While he had Alexander in custody, King James delegated the northern campaign to Alexander Stewart, Earl of Mar, with more minor roles going to Maol Choluim Mac an Tóisich, Alexander Seton of Gordon, Hugh Fraser and Aonghas de Moravia. James would never again return to Ross or Moray. Mar was given support in his role as Lieutenant when Alan Stewart, the second son of Walter Stewart, Earl of Atholl, was made Earl of Caithness in Spring 1430. The royal earldoms of Buchan and Ross, and the castle of Urquhart were put under Mar's control; by 1431 the lordship of Lochaber, held by Alasdair Carrach, was assigned to Mar's command; and by 1432 Mar had received papal dispensation to marry Margaret Seton, the mother of the heiresses to the earldom of Moray, which he would administer on their behalf.

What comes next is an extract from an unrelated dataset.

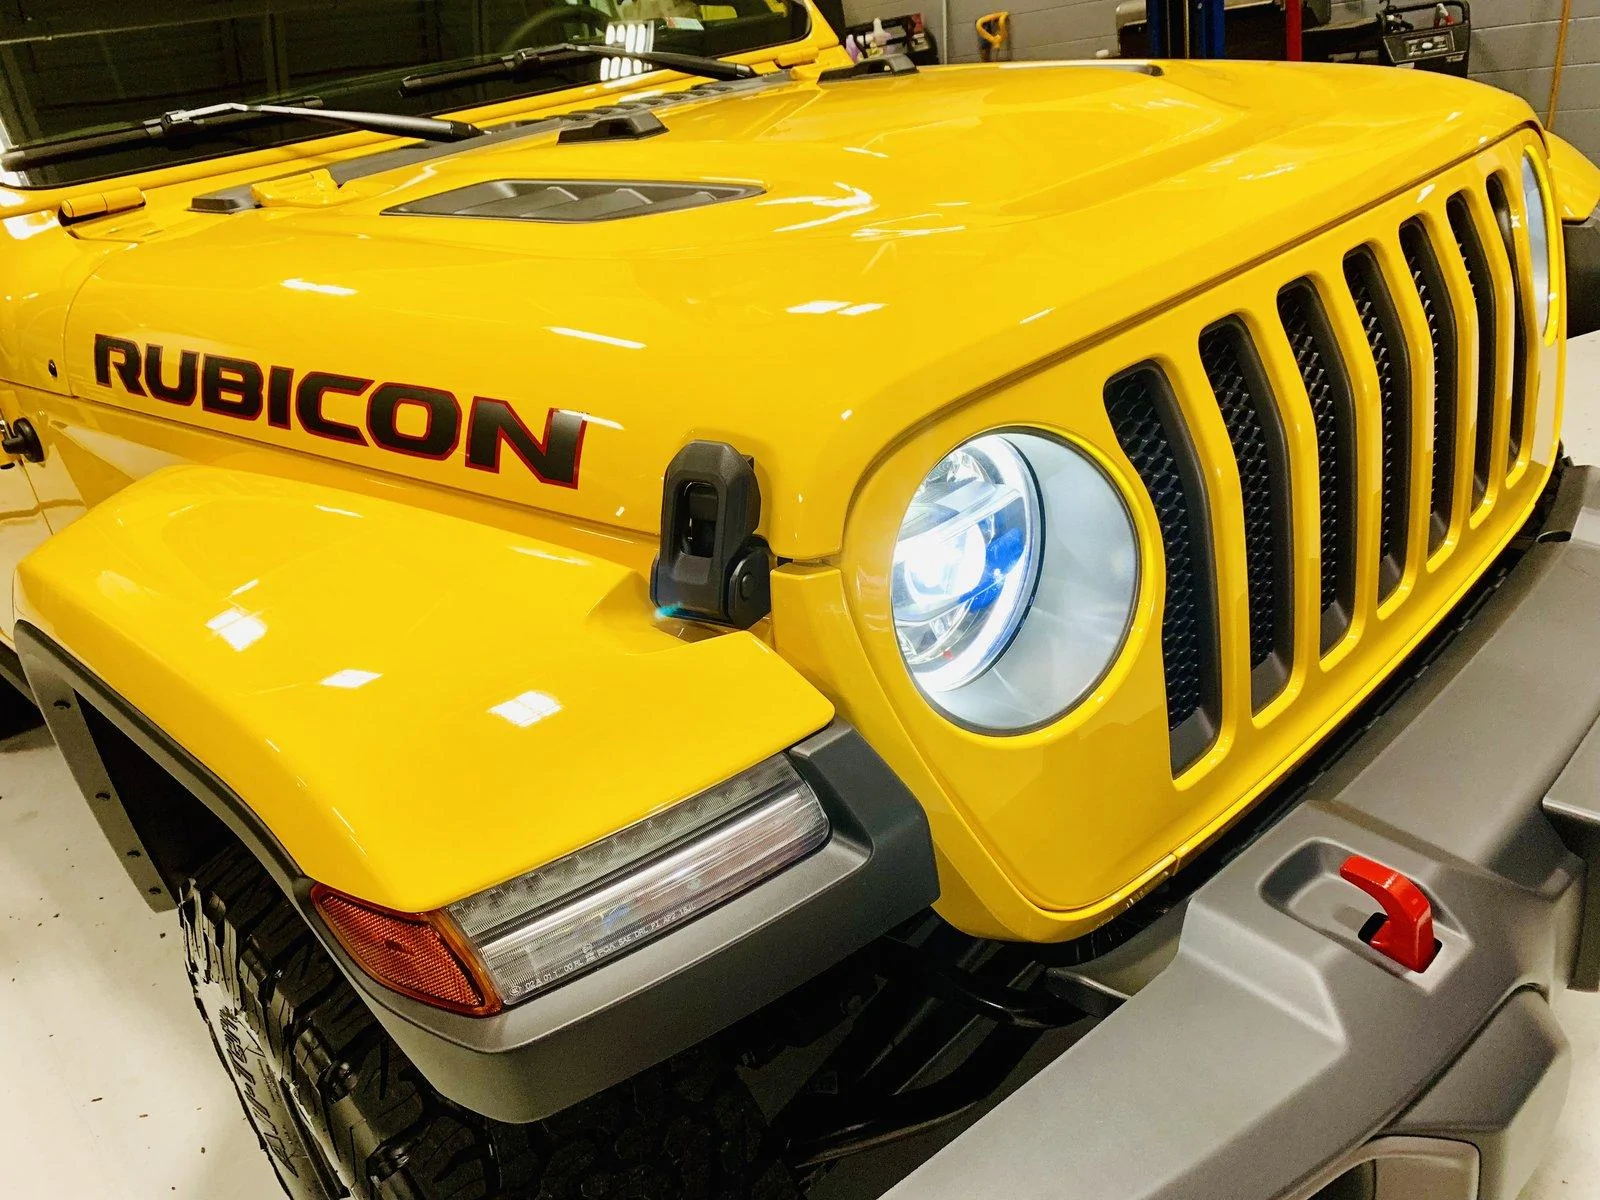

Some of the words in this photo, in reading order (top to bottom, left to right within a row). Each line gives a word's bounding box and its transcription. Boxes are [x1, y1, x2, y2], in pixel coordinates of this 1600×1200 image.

James, moreover, arranged a marriage between Lachlan Maclean, captain of the MacLeans of Duart, an important vassal kindred of the Lordship of the Isles, to Mar's daughter, bringing Mar's influence into the Lordship of the Isles itself. In 1431 Aonghas de Moravia was sent on a campaign against Aonghas Dubh MacAoidh in Strathnaver. However the main campaign was in Lochaber, where Mar hoped to make his status as Lord of Lochaber a reality. In both campaigns, however, the results were defeats for the king's forces. At the Battle of Inverlochy Mar's forces were met by both Domhnall Ballach and Alasdair Carrach of Lochaber; although Mar managed to make a long escape on foot back to Kildrummy Castle, the Earl of Caithness and 990 men were slain. In 1429, in Strathnaver, at the Battle of Drumnacoub, Aonghas Dubh MacAoidh (Angus MacKay), chief of Clan MacKay was also victorious over royal forces, this battle however was more of a family related feud. Both defeats were incurred before September 1431. James' first reaction was to raise taxes, which were granted on 16 October, in order to deliver a counter-attack; but this revenue was insufficient and James had other problems to deal with. King James therefore arranged a reconciliation with Alexander, who was pardoned for past offences and released from captivity.

Alexander, Earl of Ross

Alexander would never again be the king's enemy, and remained subdued for the next few years. Luck, however, was on Alexander's side. The earl of Mar was in either his fifties or sixties, and his son and heir Thomas had already died in 1430. When the earl himself died in 1435, James' settlement in the north collapsed. James was in Mar by June 1436, where he was taking control of the earldom. It was probably in this time that James finally acknowledged Alexander as earl of Ross, the only magnate who could now offer security in the north-eastern Highlands. Alexander not only received control of Dingwall, but Inverness too, which he would hold until at least 1447. Moreover, the Ross earldom came with Kincardine in The Mearns, Kingedward in Buchan and Greenan in Ayrshire. By January 1437 Alexander was styling himself "Earl of Ross" in his charters, and this style was acknowledged in royal documents by 1439. Finally, by February 1439, Alexander had been appointed Justiciar of Scotia, an office which made Alexander the chief legal official in the Kingdom of Scotland.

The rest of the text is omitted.